== Goal of the exercise ==
Retype the records below exactly. Leave nothing out.

Phrase grounding data

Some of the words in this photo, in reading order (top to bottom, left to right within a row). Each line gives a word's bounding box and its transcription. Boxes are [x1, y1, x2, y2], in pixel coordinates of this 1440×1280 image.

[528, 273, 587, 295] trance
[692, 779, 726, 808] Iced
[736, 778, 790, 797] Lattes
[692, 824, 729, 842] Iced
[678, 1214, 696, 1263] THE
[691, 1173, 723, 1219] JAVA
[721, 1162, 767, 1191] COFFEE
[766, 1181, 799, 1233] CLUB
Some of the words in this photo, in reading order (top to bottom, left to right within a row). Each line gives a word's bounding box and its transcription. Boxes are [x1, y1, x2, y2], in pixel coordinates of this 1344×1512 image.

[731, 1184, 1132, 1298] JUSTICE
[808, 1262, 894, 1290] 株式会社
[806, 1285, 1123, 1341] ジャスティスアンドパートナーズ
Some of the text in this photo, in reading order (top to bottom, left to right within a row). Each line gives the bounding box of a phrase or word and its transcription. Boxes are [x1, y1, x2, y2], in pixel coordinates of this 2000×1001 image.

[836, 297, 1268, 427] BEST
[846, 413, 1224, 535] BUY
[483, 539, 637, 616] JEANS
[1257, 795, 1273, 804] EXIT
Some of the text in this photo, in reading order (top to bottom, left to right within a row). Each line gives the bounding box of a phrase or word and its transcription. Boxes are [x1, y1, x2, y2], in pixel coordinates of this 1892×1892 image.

== Answer for the task ==
Some of the words in this photo, in reading order (top to bottom, left to right within a row). Each line gives a word's bounding box and its transcription. Boxes are [x1, y1, x2, y2], in pixel coordinates of this 1440×1280 image.

[528, 273, 587, 295] trance
[692, 779, 726, 808] Iced
[736, 778, 790, 797] Lattes
[692, 824, 729, 842] Iced
[678, 1214, 696, 1263] THE
[691, 1173, 723, 1219] JAVA
[721, 1162, 767, 1191] COFFEE
[766, 1181, 799, 1233] CLUB
Some of the words in this photo, in reading order (top to bottom, left to right within a row). Each line gives a word's bounding box and its transcription. Boxes are [x1, y1, x2, y2], in pixel coordinates of this 1344×1512 image.

[731, 1184, 1132, 1298] JUSTICE
[808, 1262, 894, 1290] 株式会社
[806, 1285, 1123, 1341] ジャスティスアンドパートナーズ
Some of the text in this photo, in reading order (top to bottom, left to right within a row). Each line gives the bounding box of a phrase or word and its transcription. Boxes are [x1, y1, x2, y2], in pixel coordinates of this 2000×1001 image.

[836, 297, 1268, 427] BEST
[846, 413, 1224, 535] BUY
[483, 539, 637, 616] JEANS
[1257, 795, 1273, 804] EXIT
Some of the text in this photo, in reading order (top to bottom, left to right within a row). Each line gives the bounding box of a phrase or word and its transcription. Boxes are [x1, y1, x2, y2], in pixel coordinates of this 1892×1892 image.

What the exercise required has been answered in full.